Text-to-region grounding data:
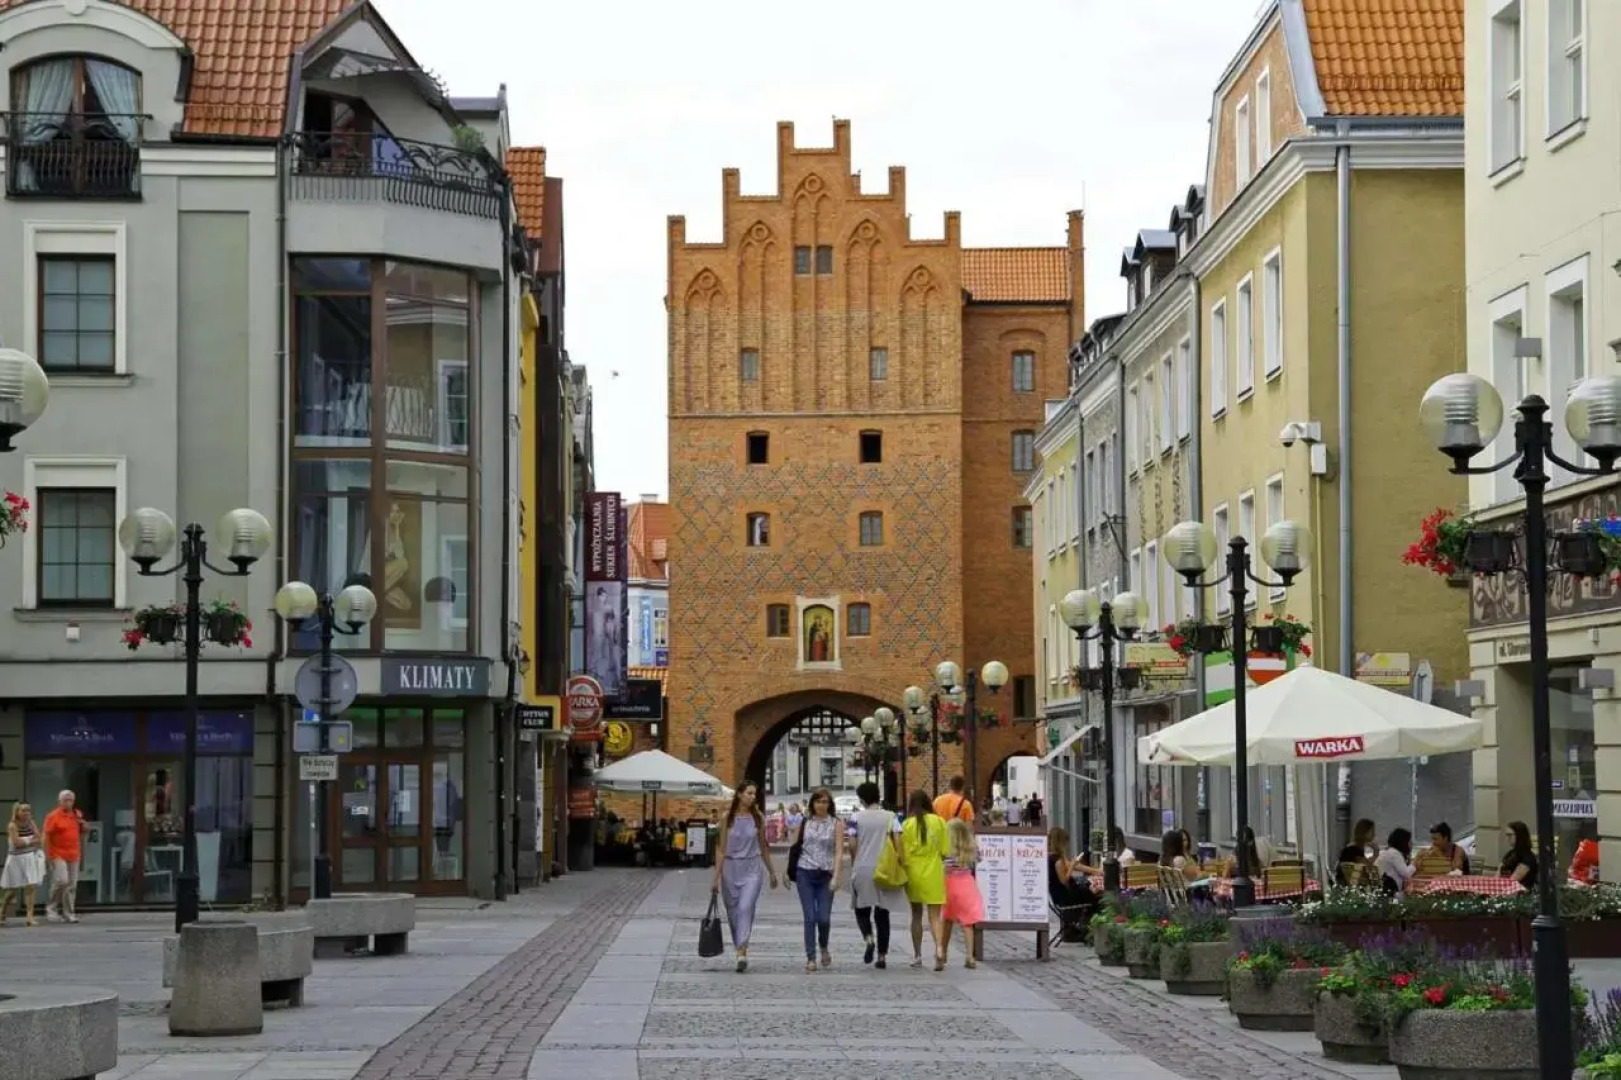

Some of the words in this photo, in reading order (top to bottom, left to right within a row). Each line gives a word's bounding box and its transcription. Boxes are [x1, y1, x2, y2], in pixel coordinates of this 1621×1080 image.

[606, 545, 616, 579] SUKIEN
[399, 665, 476, 689] KLIMATY
[570, 696, 600, 709] ARKA
[1297, 738, 1361, 755] WARKA
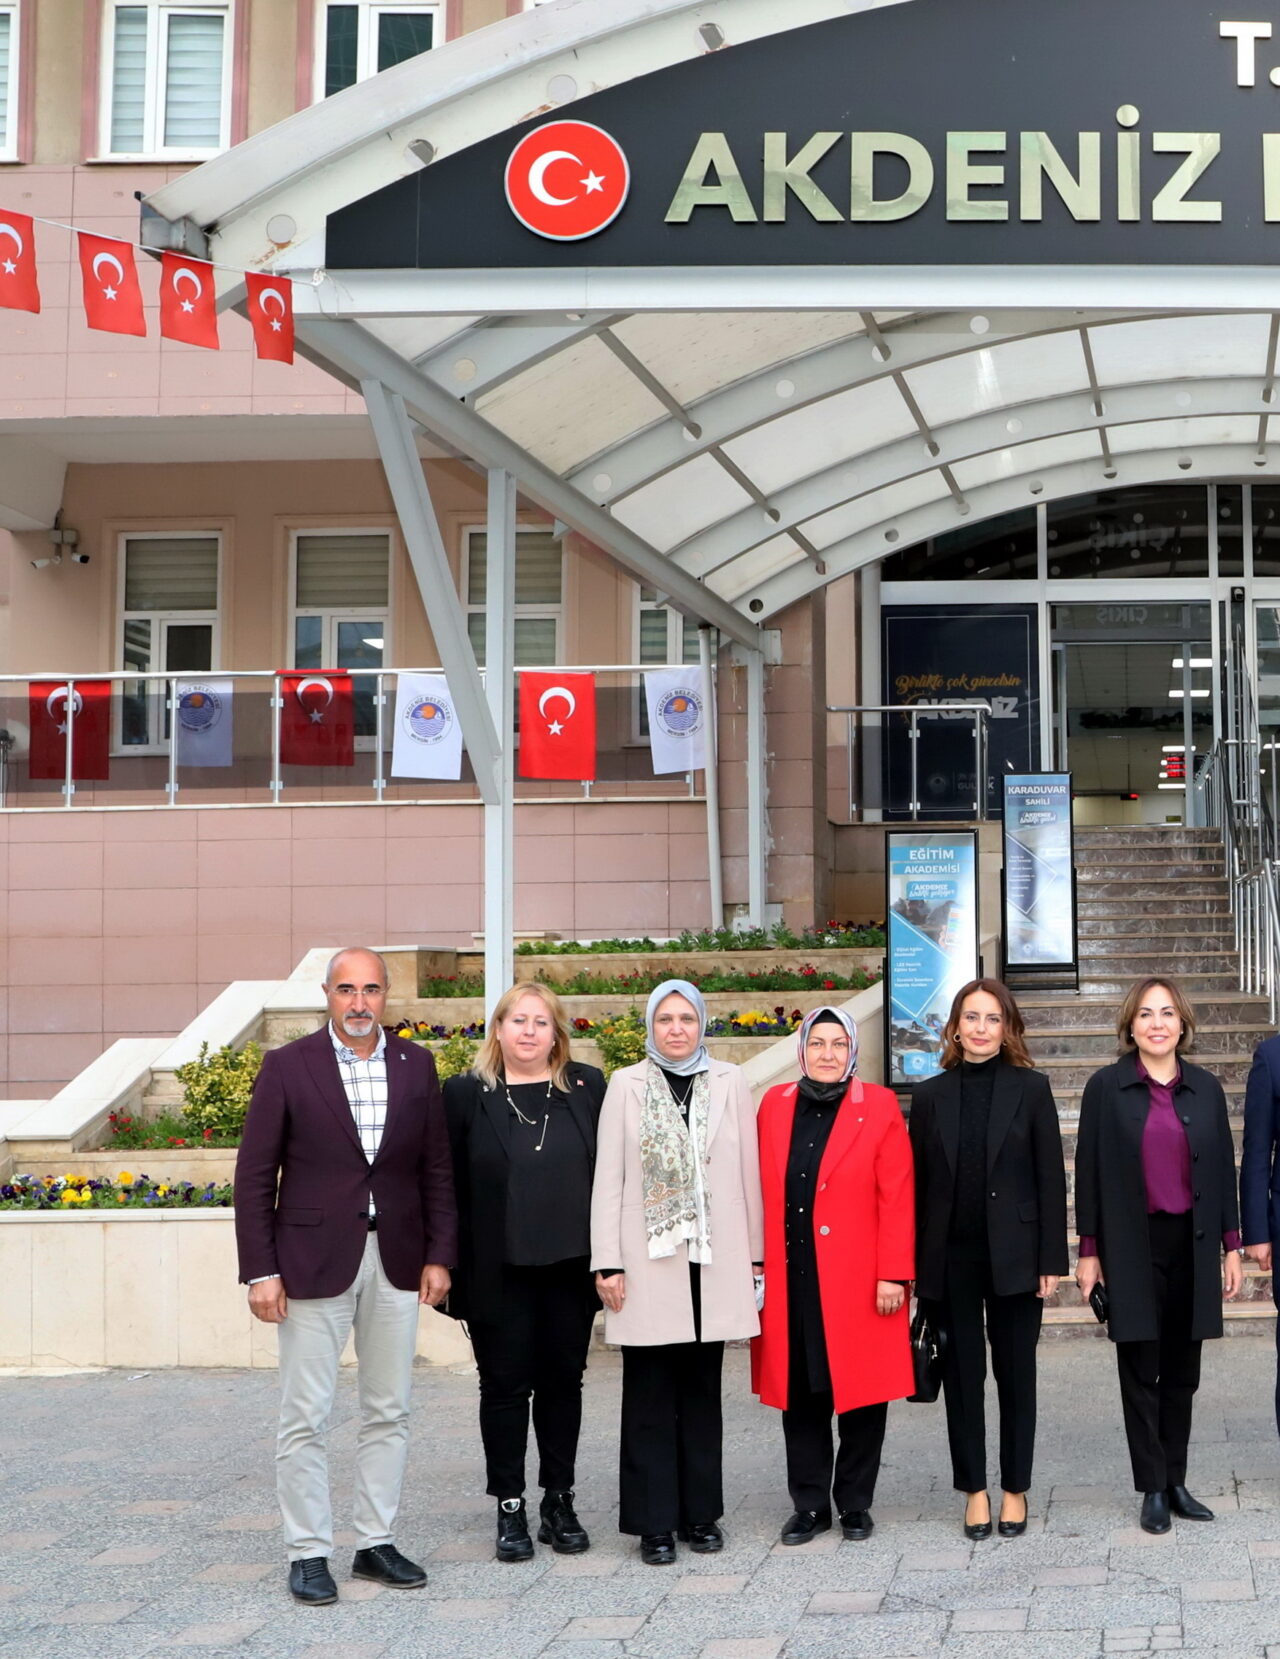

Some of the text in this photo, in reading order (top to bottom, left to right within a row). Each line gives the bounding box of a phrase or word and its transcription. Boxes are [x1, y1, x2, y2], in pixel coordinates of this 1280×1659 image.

[664, 103, 1223, 224] AKDENİZ
[895, 672, 1022, 695] Birlikte çok güzelsin
[1008, 784, 1067, 795] KARADUVAR
[1025, 797, 1050, 806] SAHİLİ
[909, 846, 954, 861] EĞİTİM
[904, 863, 960, 874] AKADEMİSİ

**Work to complete**: Omit the pictures and copy the records above exactly.

**Solution to this exercise**:
Some of the words in this photo, in reading order (top to bottom, left to right within a row). Each line gives a word's bounding box and its transcription. Boxes are [x1, y1, x2, y2], in pixel coordinates of this 1621×1080 image.

[606, 545, 616, 579] SUKIEN
[399, 665, 476, 689] KLIMATY
[570, 696, 600, 709] ARKA
[1297, 738, 1361, 755] WARKA

Some of the text in this photo, in reading order (top to bottom, left to right within a row). Each line gives the bounding box of a phrase or word and its transcription. Boxes are [x1, y1, x2, y2], in pixel coordinates of this 1280×1659 image.

[664, 103, 1223, 224] AKDENİZ
[895, 672, 1022, 695] Birlikte çok güzelsin
[1008, 784, 1067, 795] KARADUVAR
[1025, 797, 1050, 806] SAHİLİ
[909, 846, 954, 861] EĞİTİM
[904, 863, 960, 874] AKADEMİSİ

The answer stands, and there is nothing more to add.